As I've understood from Lee's introduction to smooth manifolds, a section of $T^{(1,1)}TM$ is typically of the form: $\sigma = T^j_{i} dx^i \otimes \frac{\partial}{\partial x^j}$ for some basis {$\frac{\partial}{\partial x^j}$} of $T_pM$ with dual basis {$dx^i$} and $T^i_j$ are the component functions.
The problem I have with both these constructions is to identify the spaces E and B in the definition of $\Delta$ as section of $T^{(1,1)}TM$, In my head, just setting E as $C^\infty (M)$ doesn't make sense, because I don't see how to construct a projection map from $C^\infty (M)$ to $T(M) \times T^*(M)$, any direction or piece of intuition to the matter would be appreciated.
Let ${\rm Bil}_{\mathbb R}(TM\times T^*M)$ be the vector bundle of bilinear (over $\mathbb R$) maps over $M$ whose fiber over $p\in M$ is ${\rm Bil}_{\mathbb R}T_pM\times T_p^*M$. You have a map $\Delta:M\to {\rm Bil}_{\mathbb R}(TM\times T^*M)$ whose action is the following: For each $p\in M$, $\Delta(p)$ is a map on $T_pM\times T_p^*M\to\mathbb R$ given by $\Delta(p)(X_p, \omega_p) = \omega_p(X_p)$. This gives $\pi(\Delta(p)) = p$, where $\pi:{\rm Bil}_{\mathbb R}(TM\times T^*M)\to M$ is the projection.
To show that $\Delta$ (still viewed as a map from $M$ into the bilinear maps on the product bundle) is tensorial you can show that $\Delta$ is bilinear over $C^\infty(M)$ in the sense that both $\Delta(fX + Y, \omega) = f\Delta(X,\omega) + \Delta(Y, \omega)$ and $\Delta(X, f\omega + \eta)= f\Delta(X, \omega) + \Delta(X, \eta)$ for all $f\in C^\infty(M)$, all smooth vector fields $X,Y$ and all smooth covector fields $\omega, \eta$. The equalities are interpreted as equality in $C^\infty(M)$. The proofs of these equalities follows routinely from the definition of the action of a covector on a vector.
Now we know that $\Delta$ is induced by a tensor field.
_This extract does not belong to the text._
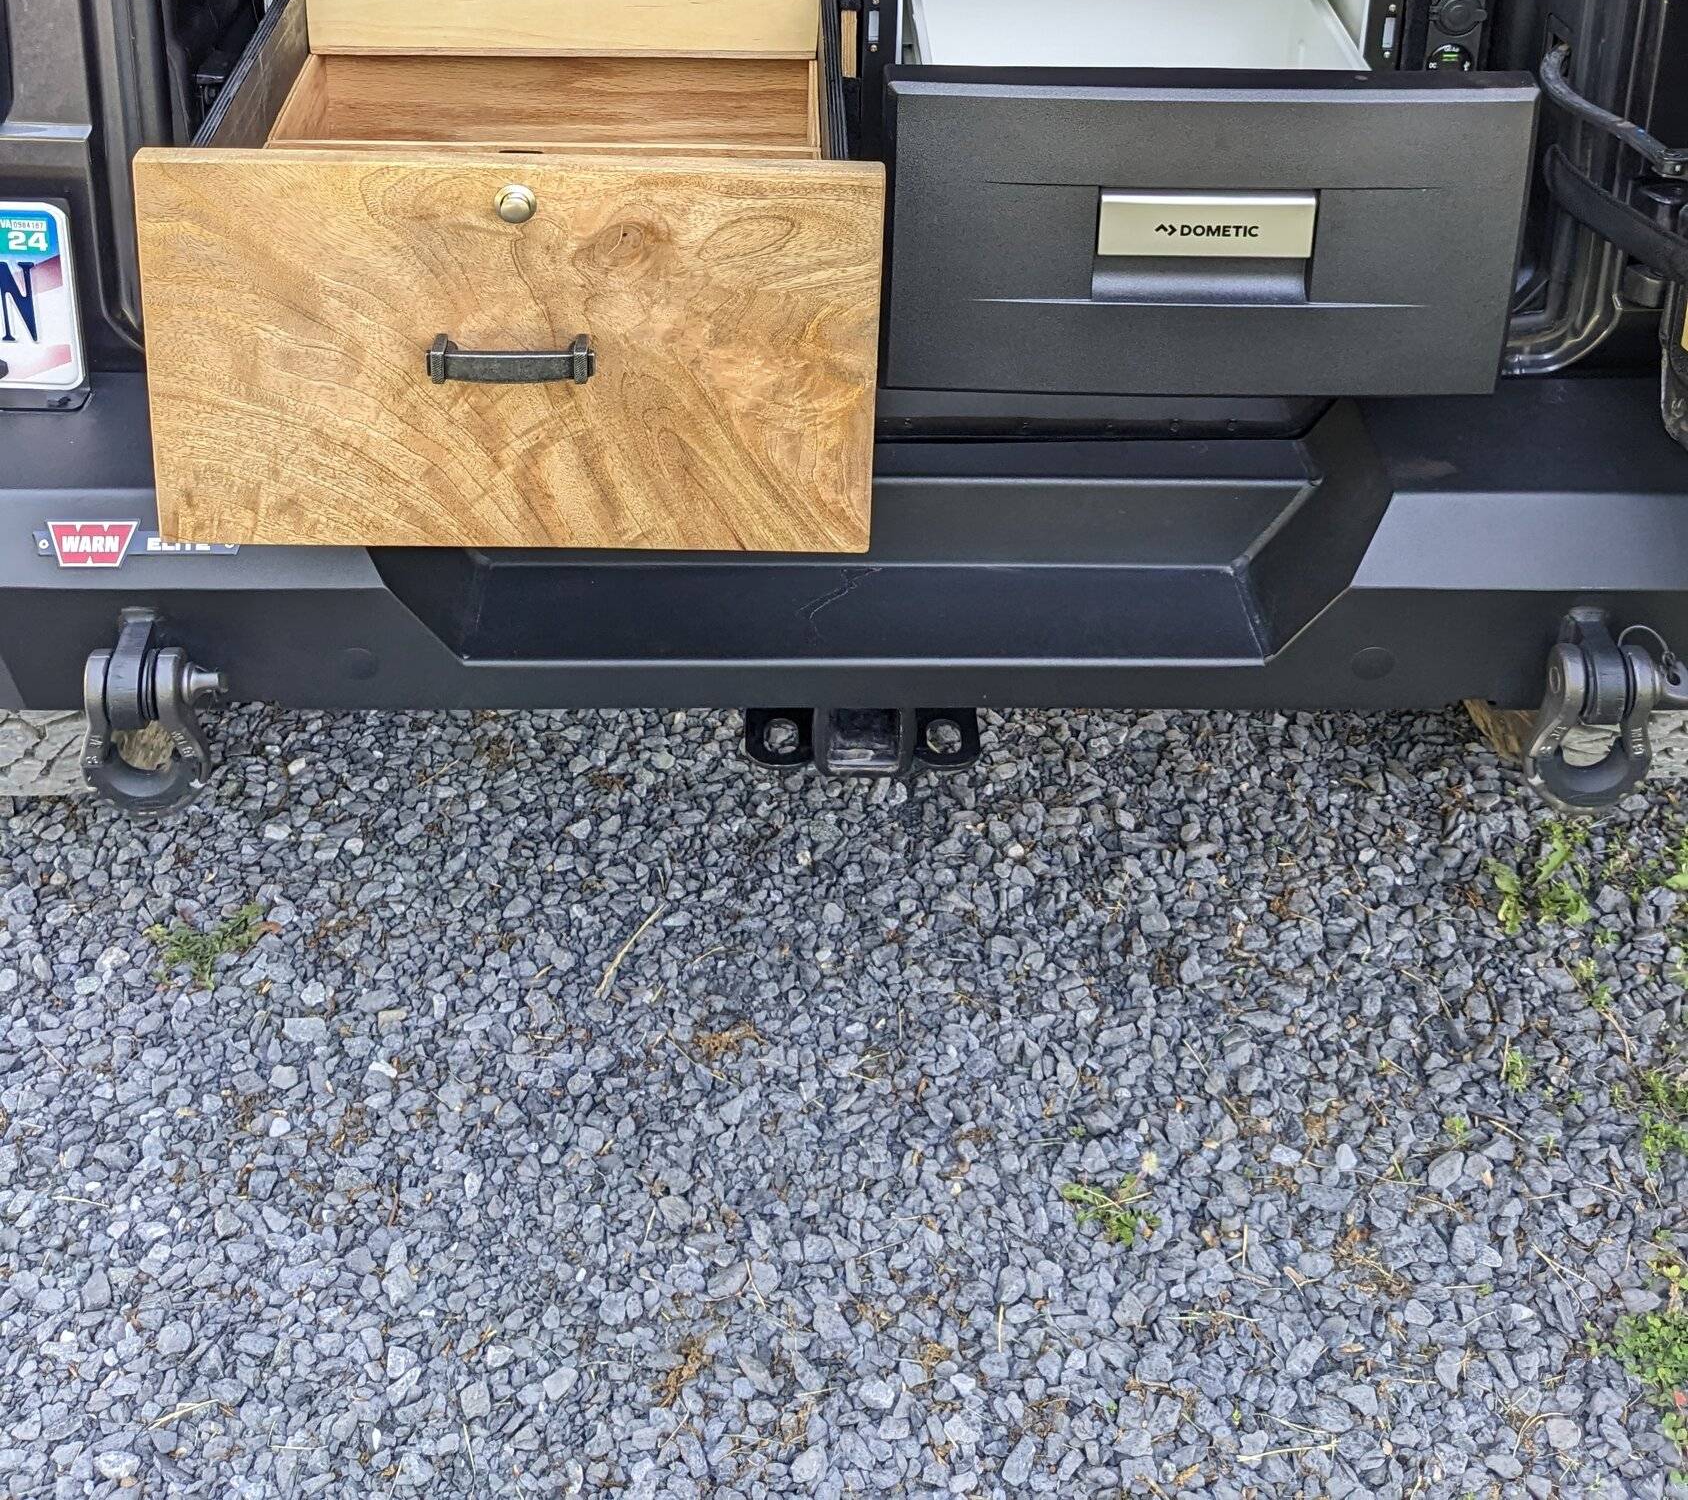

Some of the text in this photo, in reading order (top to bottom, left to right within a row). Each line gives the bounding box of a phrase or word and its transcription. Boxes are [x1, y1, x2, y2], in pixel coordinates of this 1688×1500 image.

[1180, 224, 1260, 238] DOMETIC
[7, 230, 48, 252] 24
[62, 535, 120, 553] WARN
That is $\Delta:M\to \Gamma(T^*M\otimes TM)$, where $\Gamma(E)$ denotes the sections of vector bundle $E$ over $M$. To show smoothness it is enough to pass to local coordinates $\{x^i\}$ and show that all coefficient functions $\Delta_i^j$ relative to the coordinate representation $\Delta = \Delta_i^j \; d x^i\otimes \partial_j$ are smooth $M\to \mathbb R$.